[[ Input for this task, beginning ]]

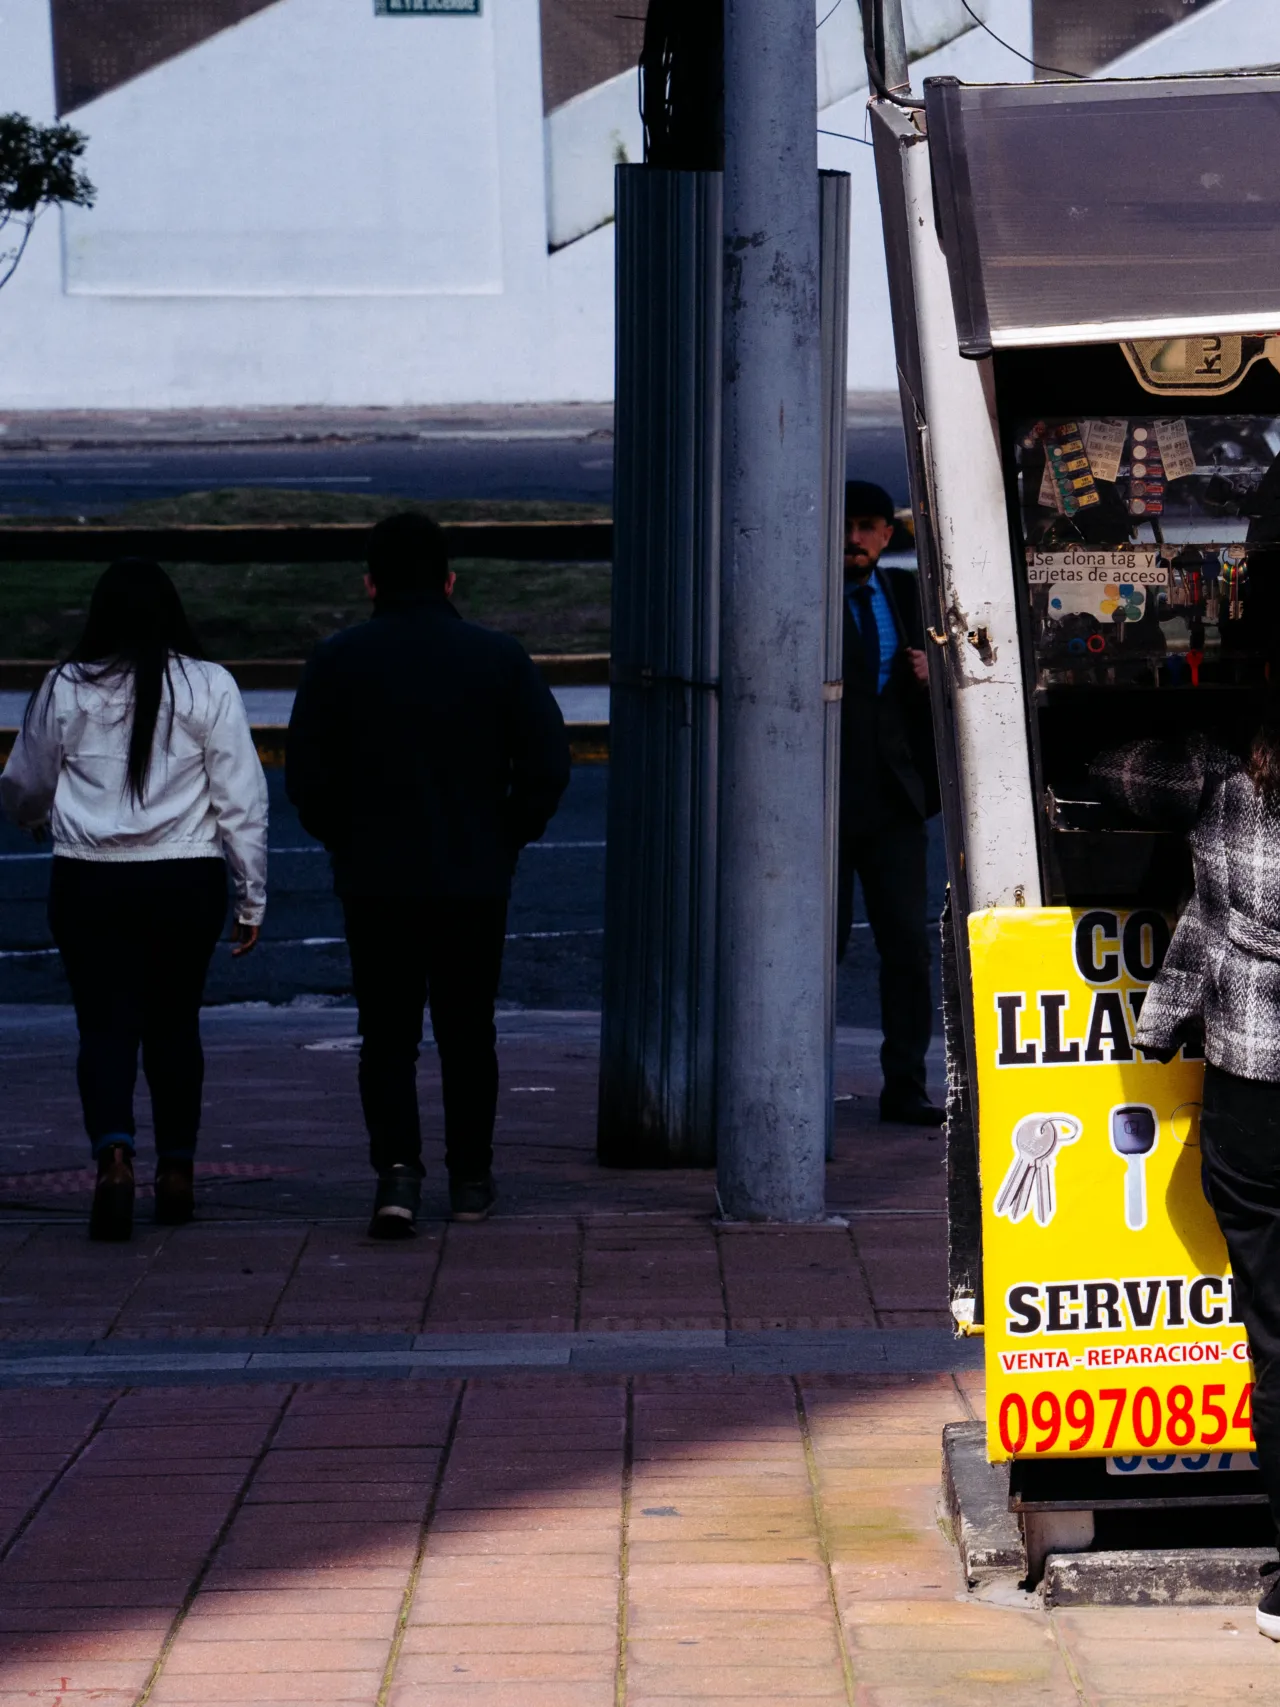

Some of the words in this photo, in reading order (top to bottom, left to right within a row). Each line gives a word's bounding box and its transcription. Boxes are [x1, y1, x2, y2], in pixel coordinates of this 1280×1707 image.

[1035, 552, 1054, 566] Se
[1063, 552, 1106, 566] clona
[1111, 553, 1136, 568] tag
[1145, 554, 1155, 568] y
[1088, 567, 1108, 582] de
[1112, 572, 1166, 583] acceso
[1073, 908, 1170, 984] CO
[1002, 1351, 1070, 1371] VENTA
[998, 1382, 1256, 1454] 09970854
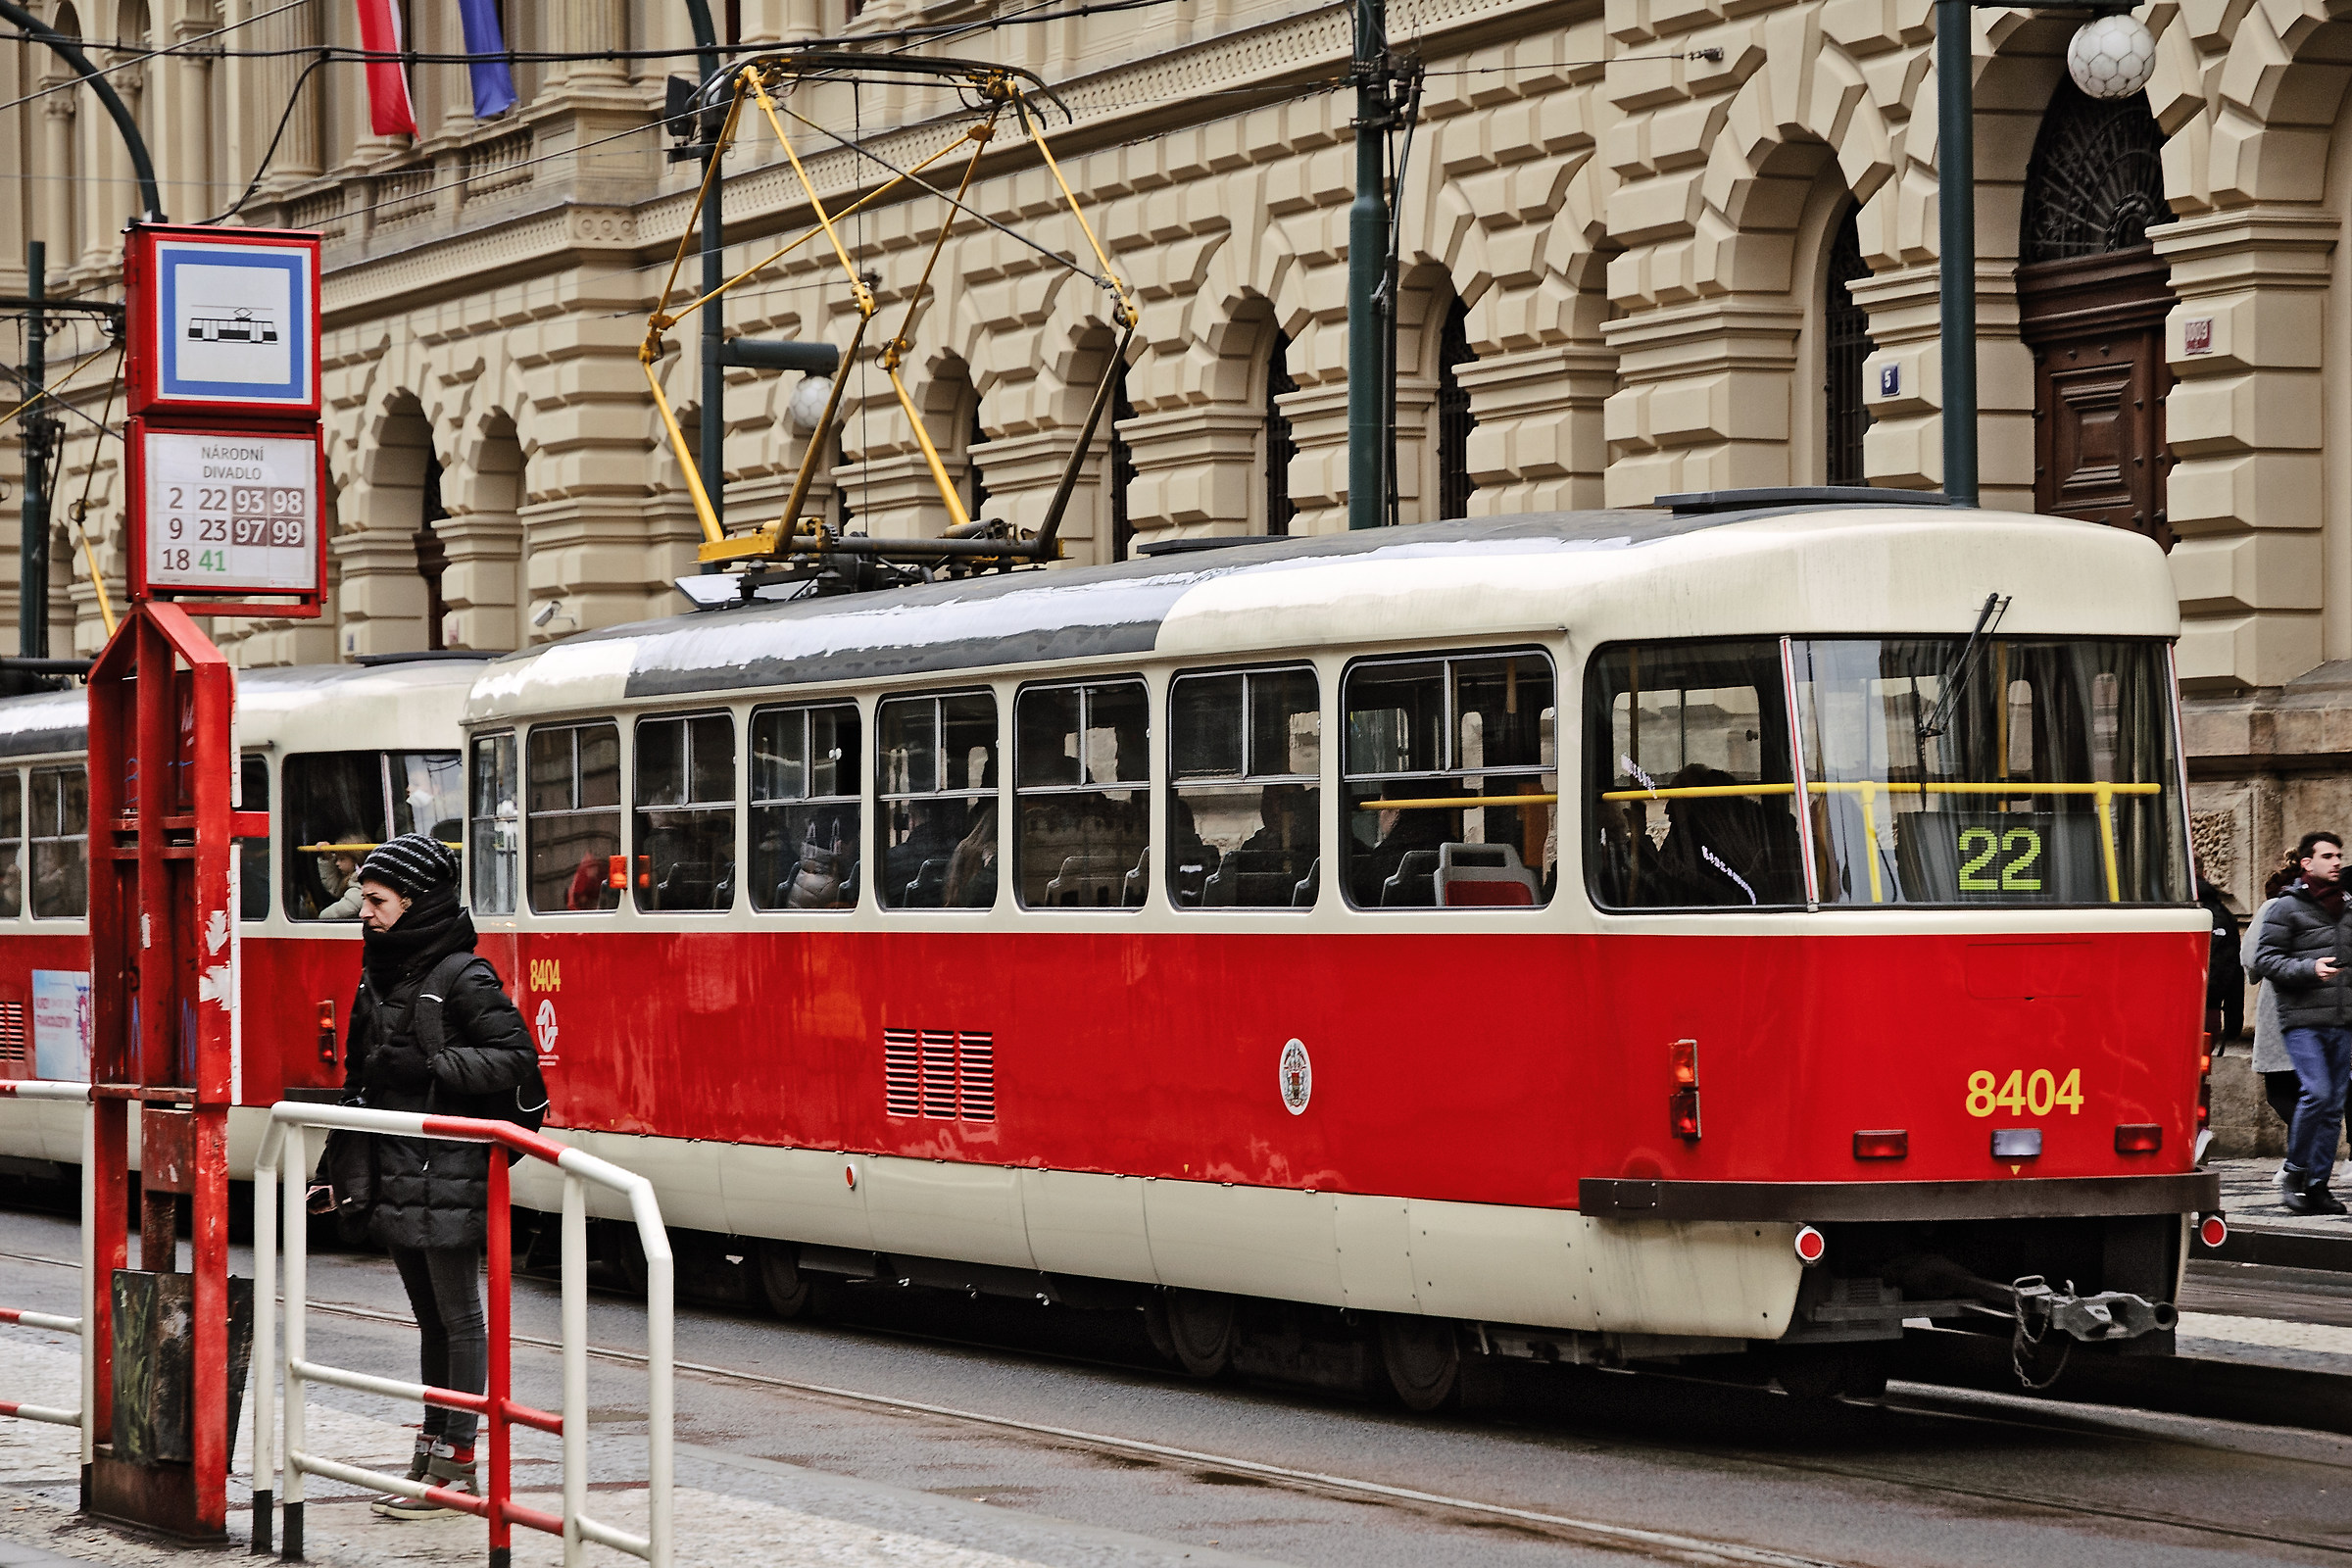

[[ Input for this task, end ]]

> _Task objective_
Without any pictures, output the entries above exactly as they appear.

> _Exercise solution_
Some of the words in this photo, in reading order (top to bottom, left to right within a row). Each line gives a word's bounding box and its transcription. Boxes are [x1, y1, x2, y2], in pixel coordinates of this 1280×1707 image.

[1035, 552, 1054, 566] Se
[1063, 552, 1106, 566] clona
[1111, 553, 1136, 568] tag
[1145, 554, 1155, 568] y
[1088, 567, 1108, 582] de
[1112, 572, 1166, 583] acceso
[1073, 908, 1170, 984] CO
[1002, 1351, 1070, 1371] VENTA
[998, 1382, 1256, 1454] 09970854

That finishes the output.